TRY IT. Go through the records and restate them word for word, omitting images.

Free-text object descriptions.
:::
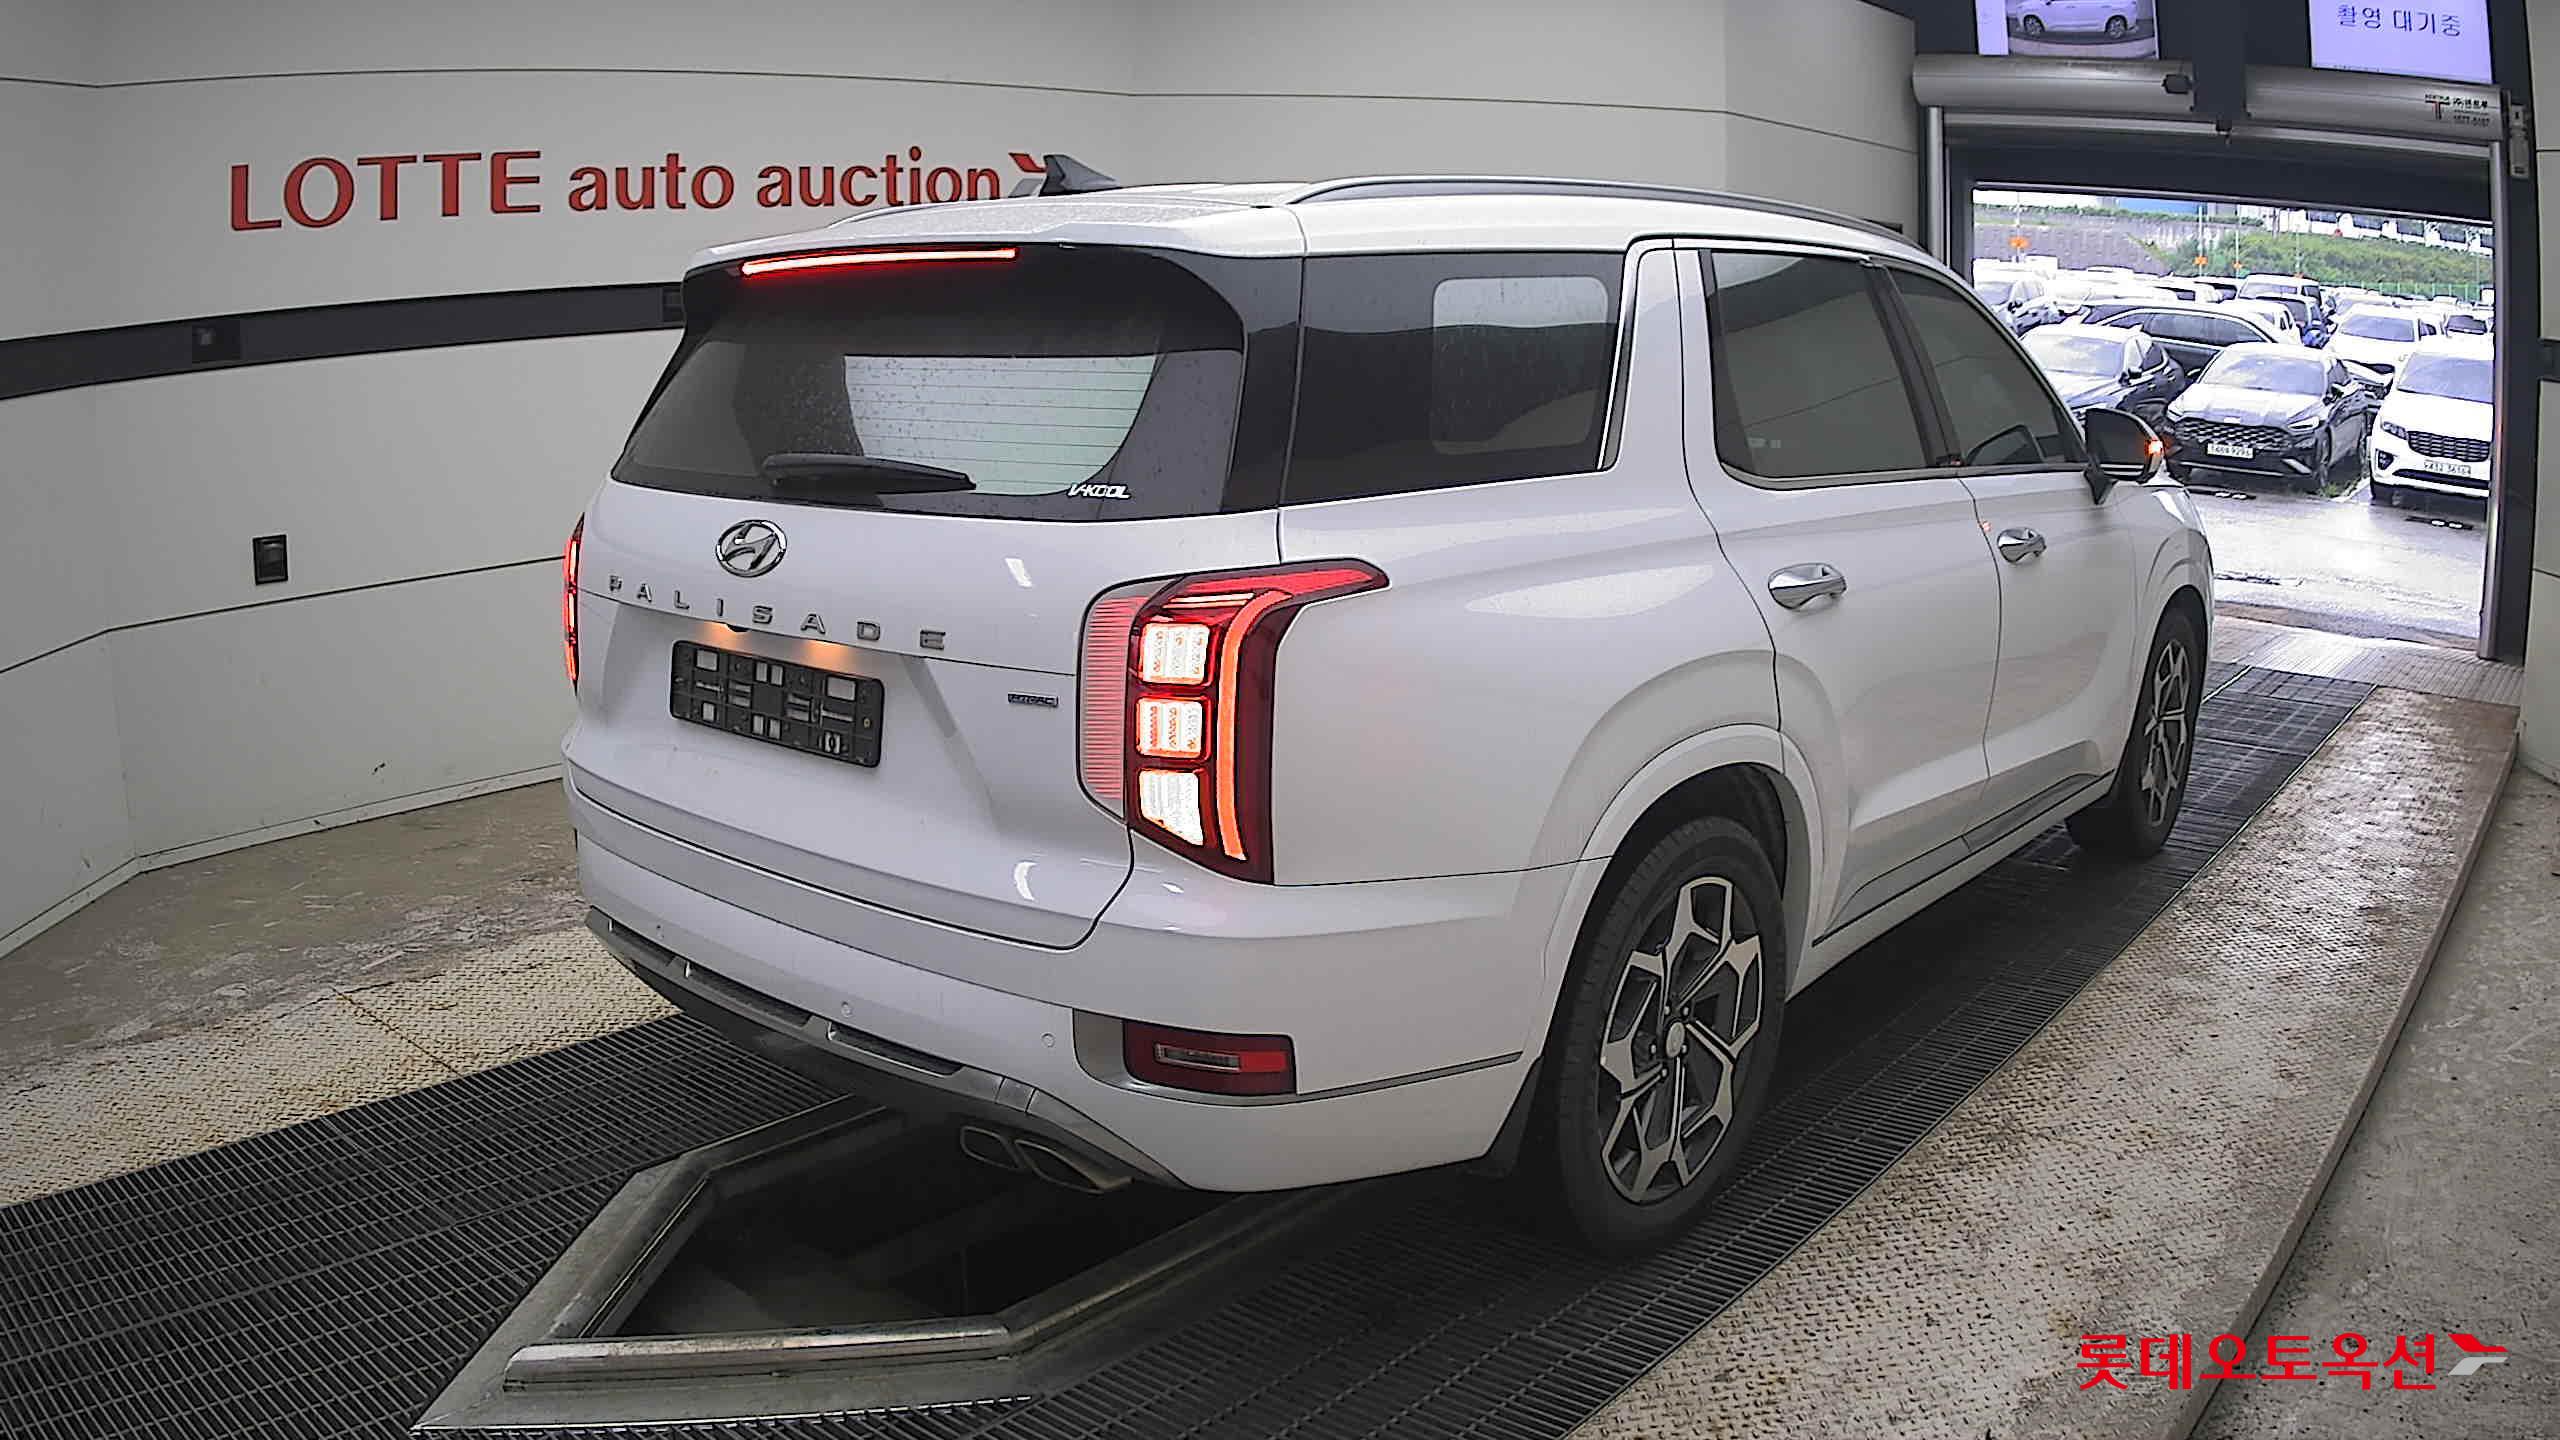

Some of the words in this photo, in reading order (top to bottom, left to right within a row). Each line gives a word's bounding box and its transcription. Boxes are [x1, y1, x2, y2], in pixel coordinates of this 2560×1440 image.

[2338, 5, 2381, 29] 촬영
[2393, 10, 2460, 37] 대기중
[229, 149, 541, 232] LOTTE
[568, 152, 735, 211] auto
[757, 146, 1000, 207] auction
[1067, 483, 1131, 499] V-KOOL
[609, 575, 946, 650] PALISADE
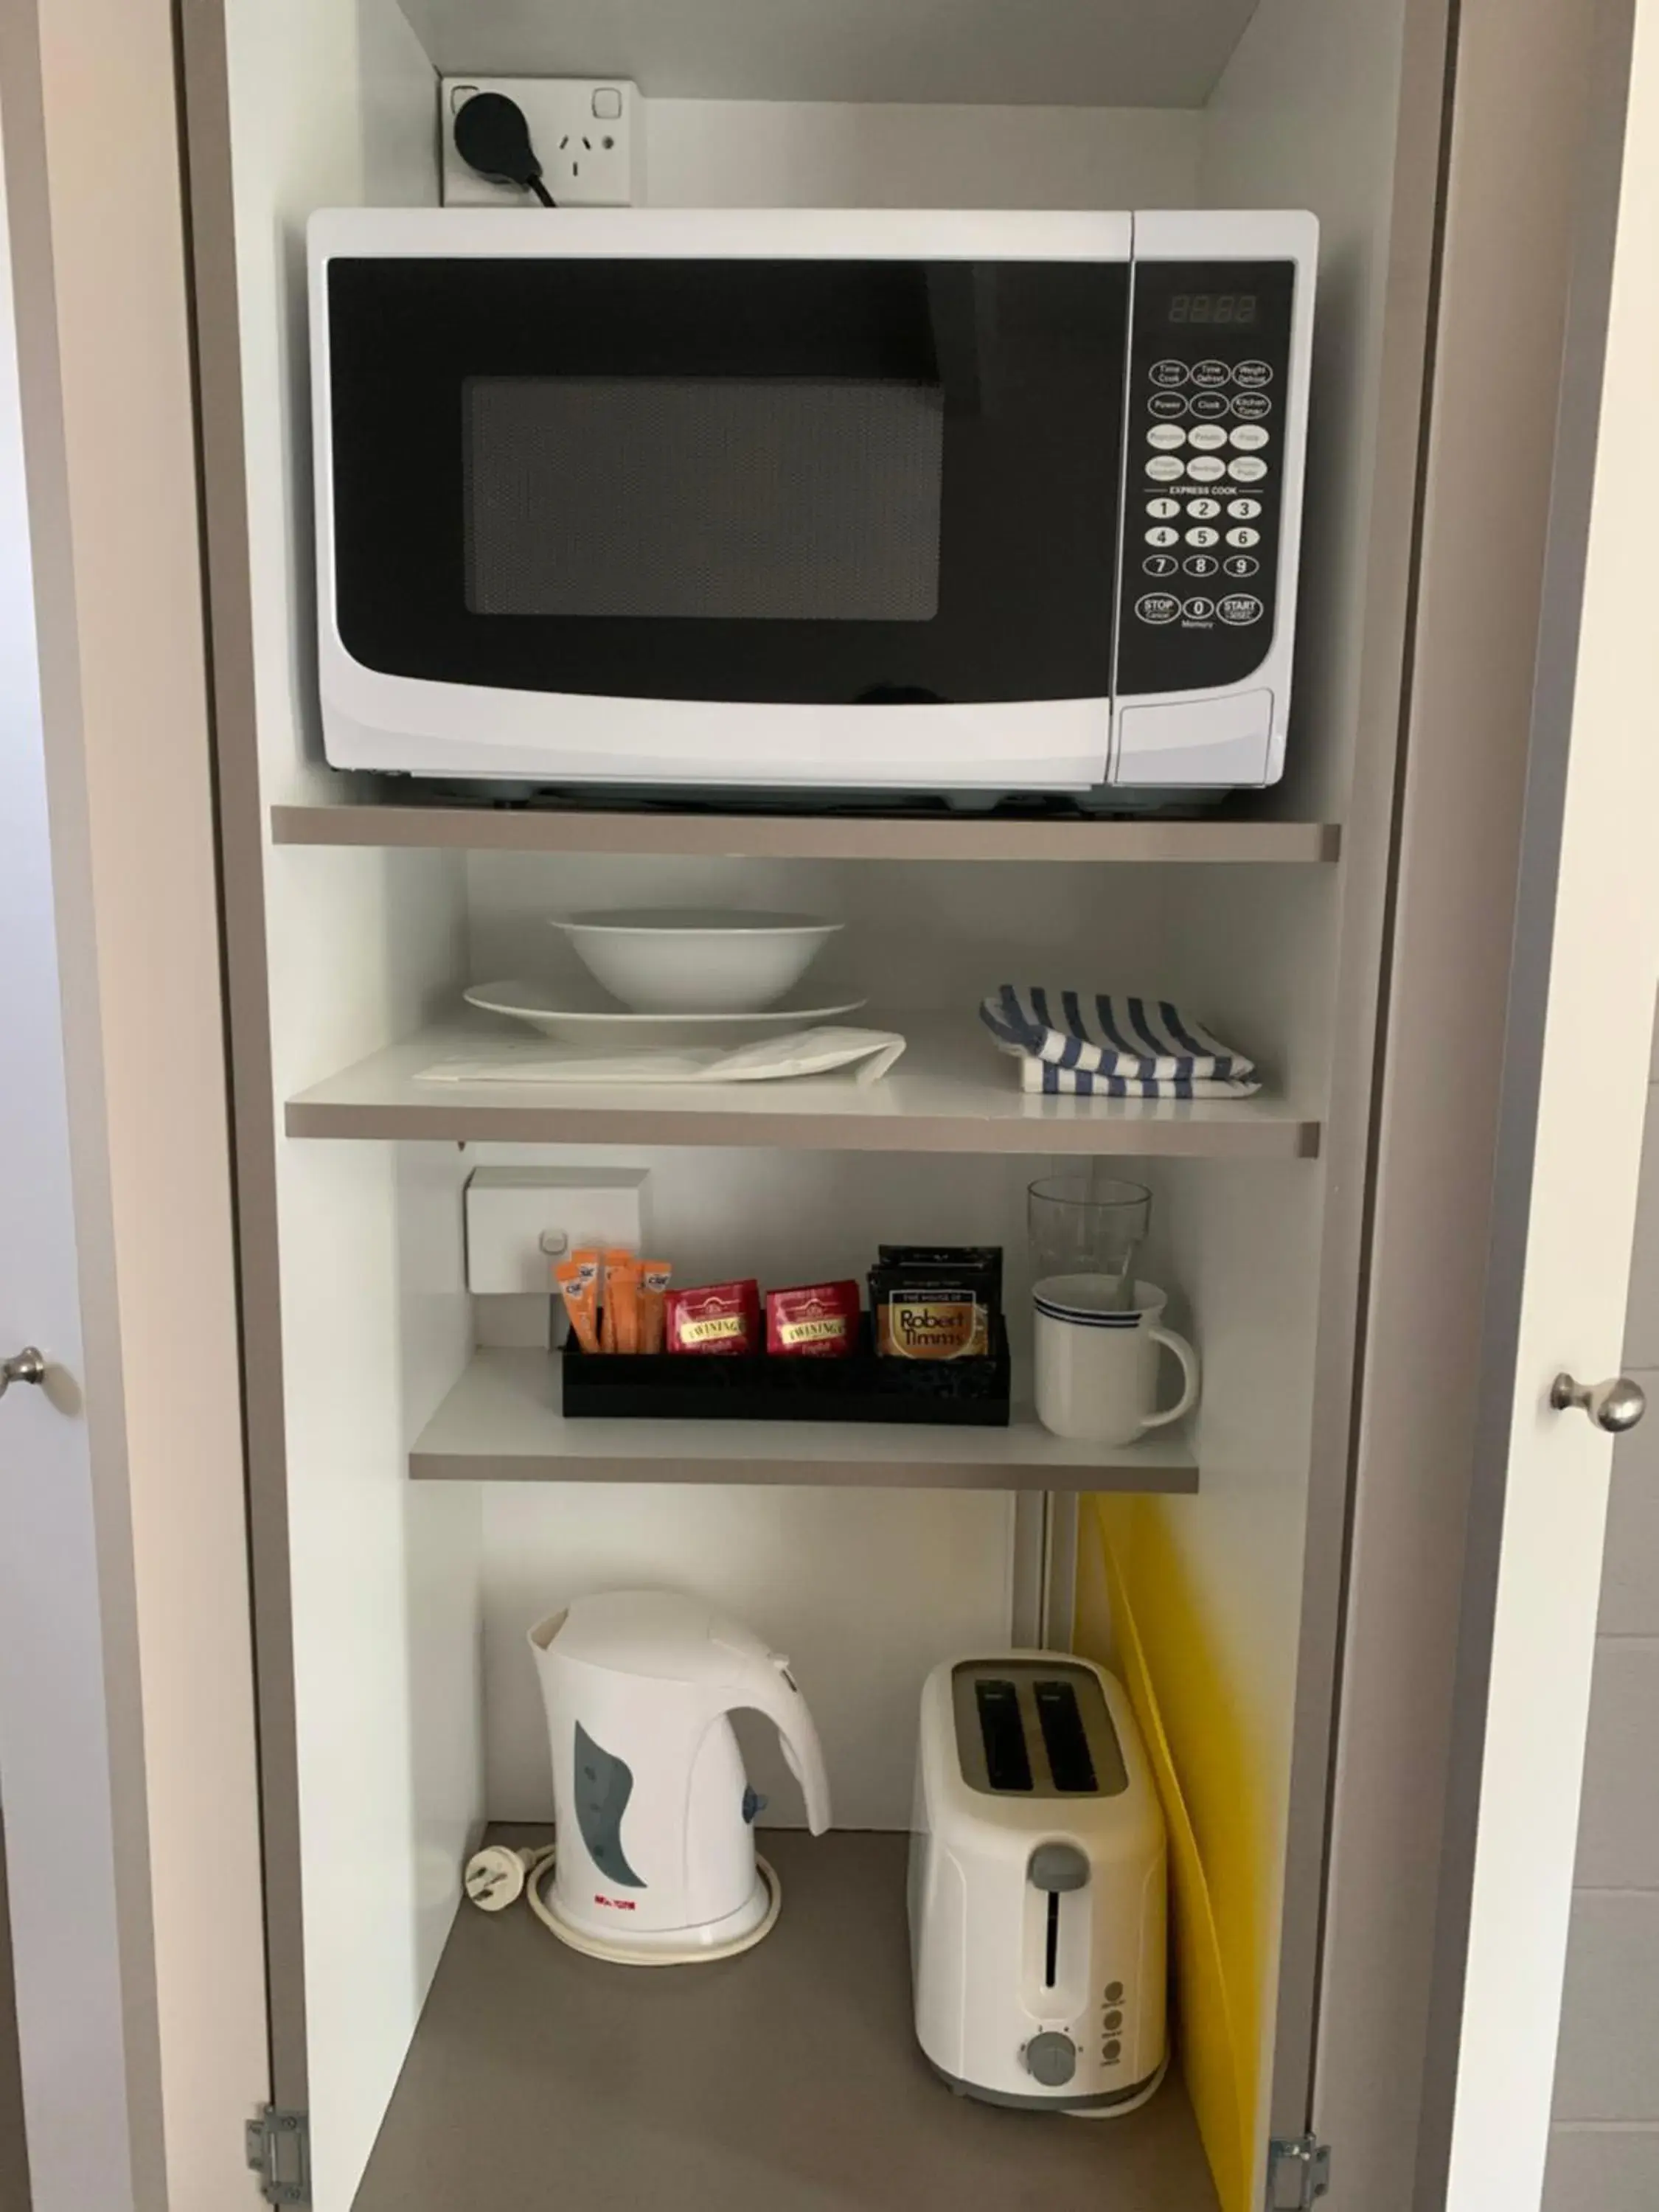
:::
SOLUTION TO THE EXERCISE.
Some of the words in this photo, in reading order (top to bottom, left to right within a row). Each line gives a word's bounding box and its transcription. Boxes are [x1, y1, x2, y2], in pixel coordinates of this 2560×1440 image.

[2338, 5, 2381, 29] 촬영
[2393, 10, 2460, 37] 대기중
[229, 149, 541, 232] LOTTE
[568, 152, 735, 211] auto
[757, 146, 1000, 207] auction
[1067, 483, 1131, 499] V-KOOL
[609, 575, 946, 650] PALISADE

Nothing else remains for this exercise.